Taking the emotions out of investing

Managing investors’ emotions and behaviour has an outsized impact on their long-term return

    • The question for investors is whether they want to grow their money quickly or slowly, while bearing in mind the degree of difficulty and chances of success for each approach.
    • The question for investors is whether they want to grow their money quickly or slowly, while bearing in mind the degree of difficulty and chances of success for each approach. PHOTO: PIXABAY
    Published Sat, Sep 14, 2024 · 05:00 AM

    IS IT possible to invest your way to financial independence, and if so, how?

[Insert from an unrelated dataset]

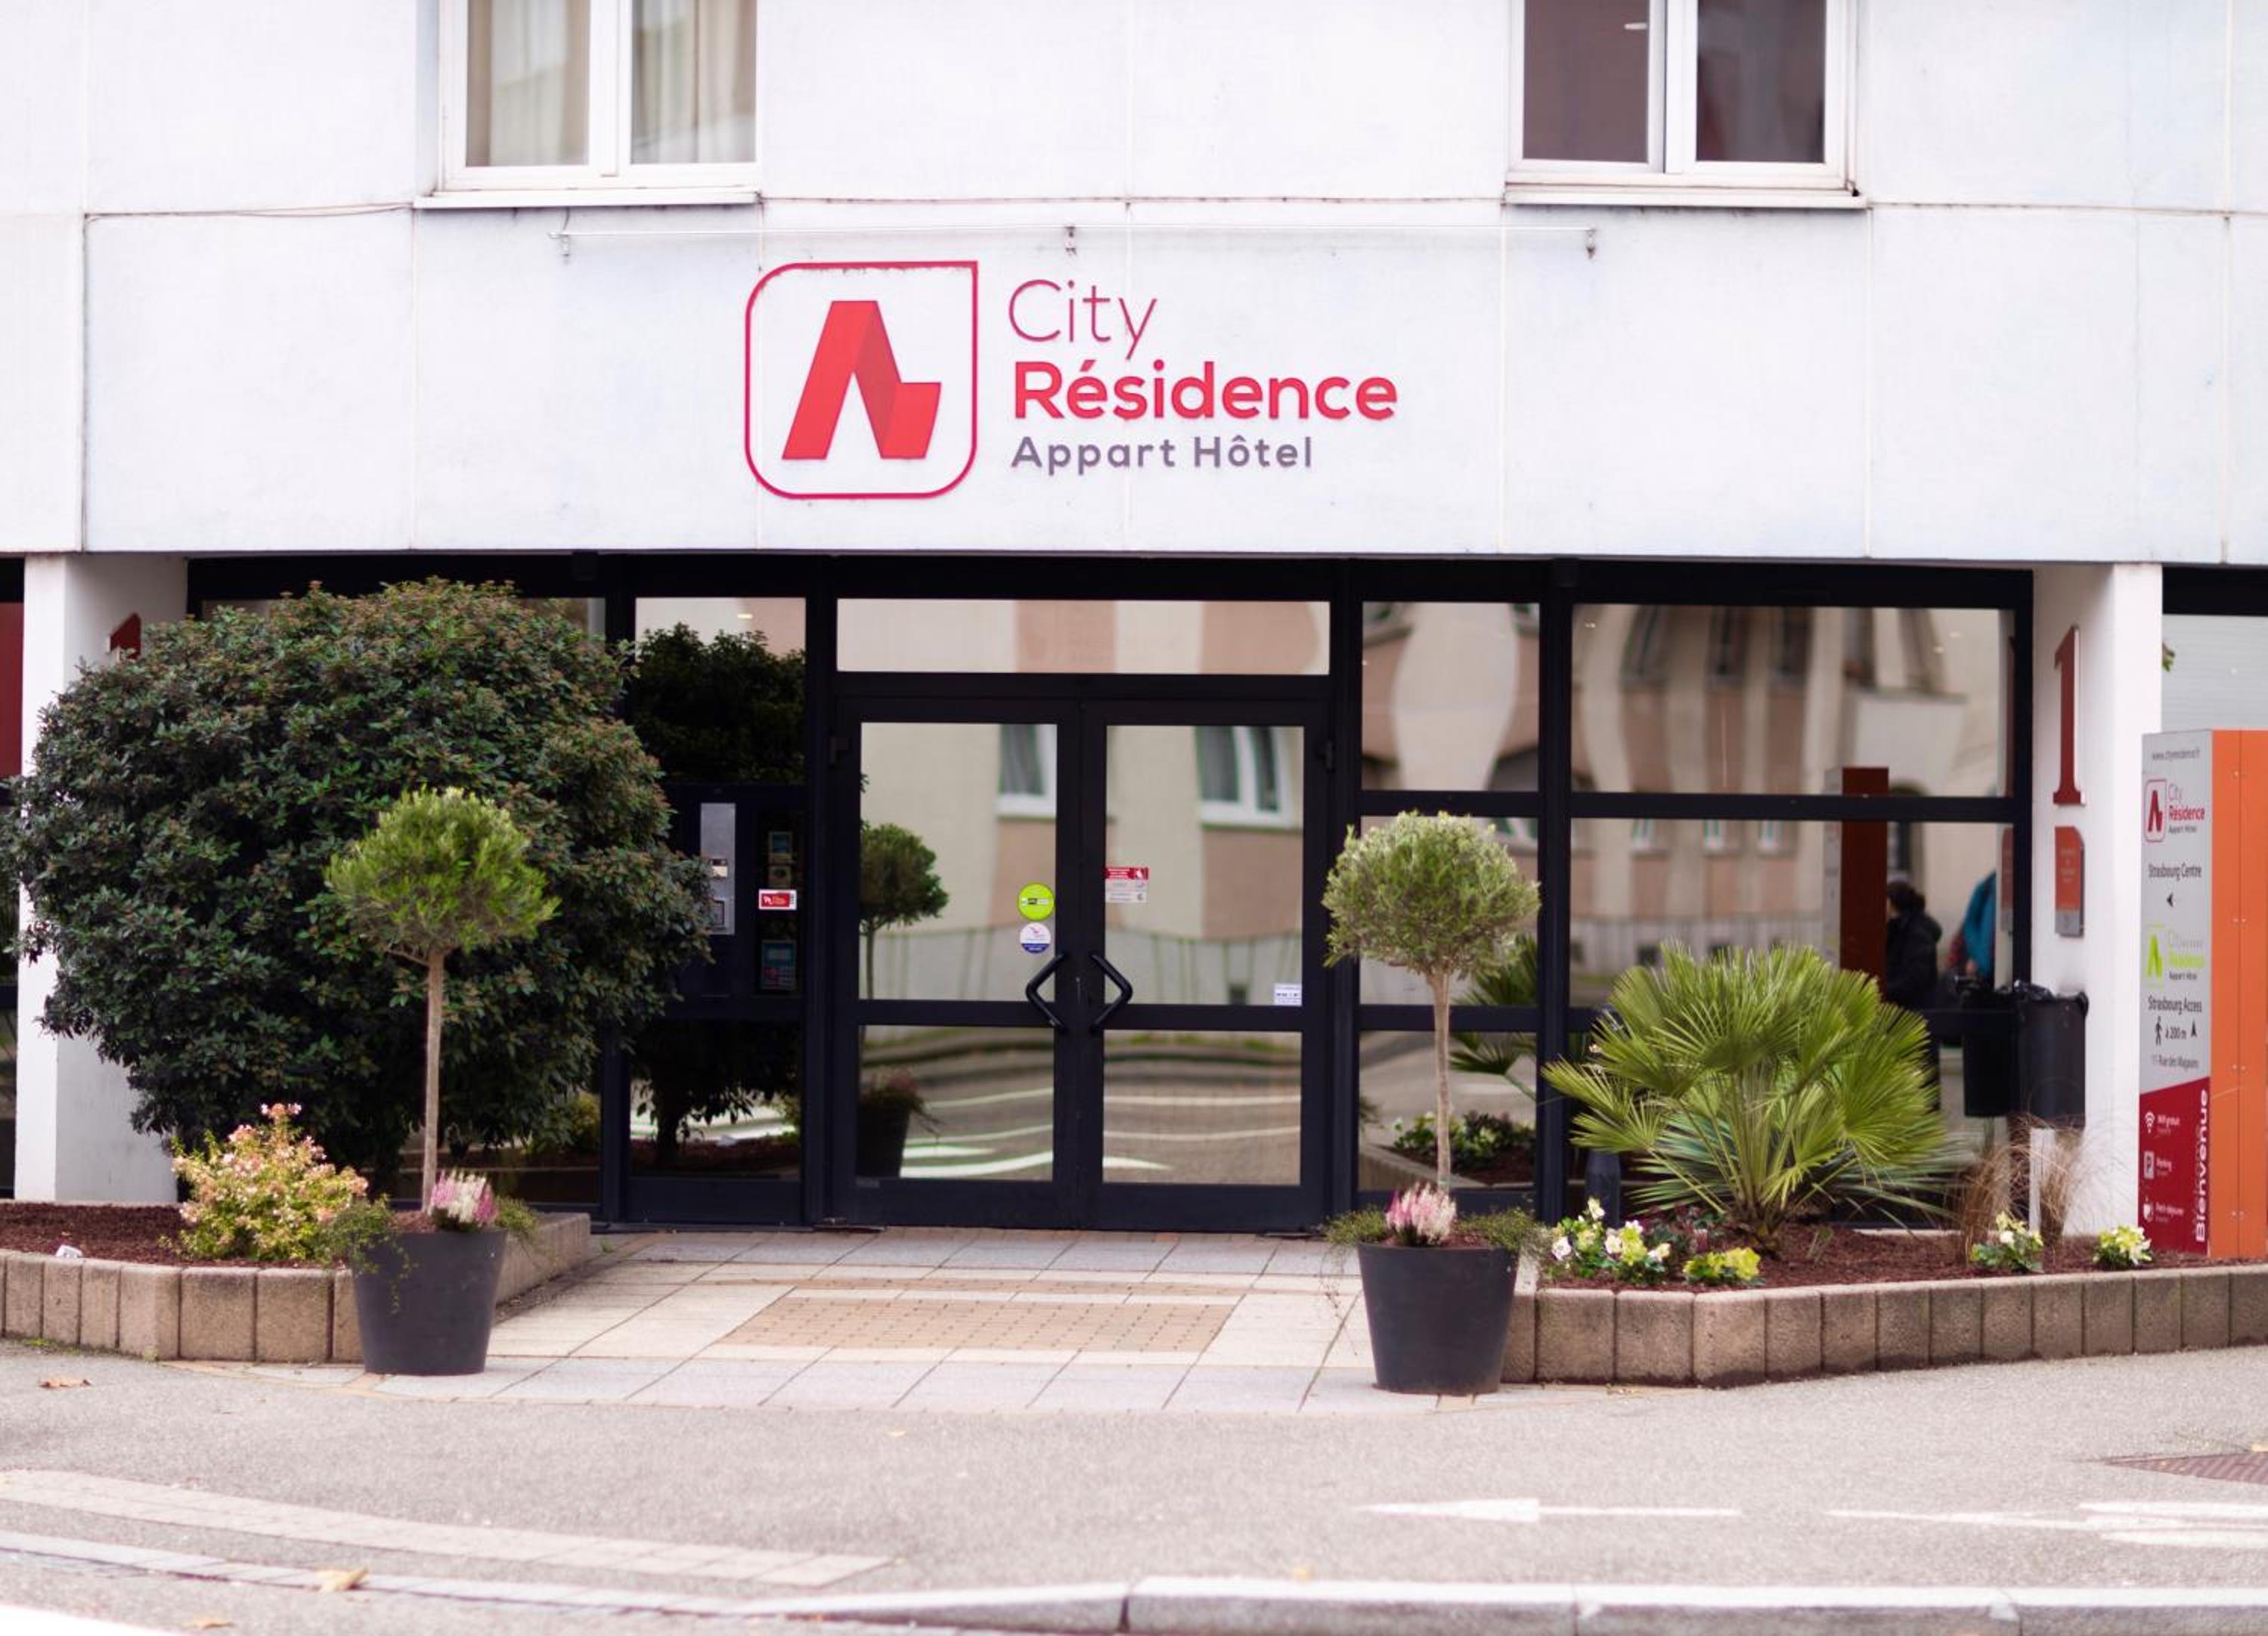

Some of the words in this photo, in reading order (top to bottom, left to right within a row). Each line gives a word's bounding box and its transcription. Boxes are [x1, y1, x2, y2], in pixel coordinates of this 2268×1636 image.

    Essentially, investors can grow their money in a fast or slow way. The fast way involves stock picking, securities selection and market timing – and such approaches are favoured by many retail investors. Many of them reckon that if they just pick the right stocks, they could hit the jackpot in just a few years or even months.

    In the slow way, investors can expect to multiply their money over 20 to 30 years, through asset allocation and index funds or passive indexing. Asset allocation is an approach fancied by financial advisers and the rich, while index funds are favoured by well-known investor Warren Buffett.

    It is likely that average investors would have gone with stock picking or market timing, and they would have achieved an annualised return of 3.6 per cent from 2002 to 2021, according to JP Morgan. This would have barely beat the average rate of inflation, which means average investors in other countries likely have not fared too well in the long term.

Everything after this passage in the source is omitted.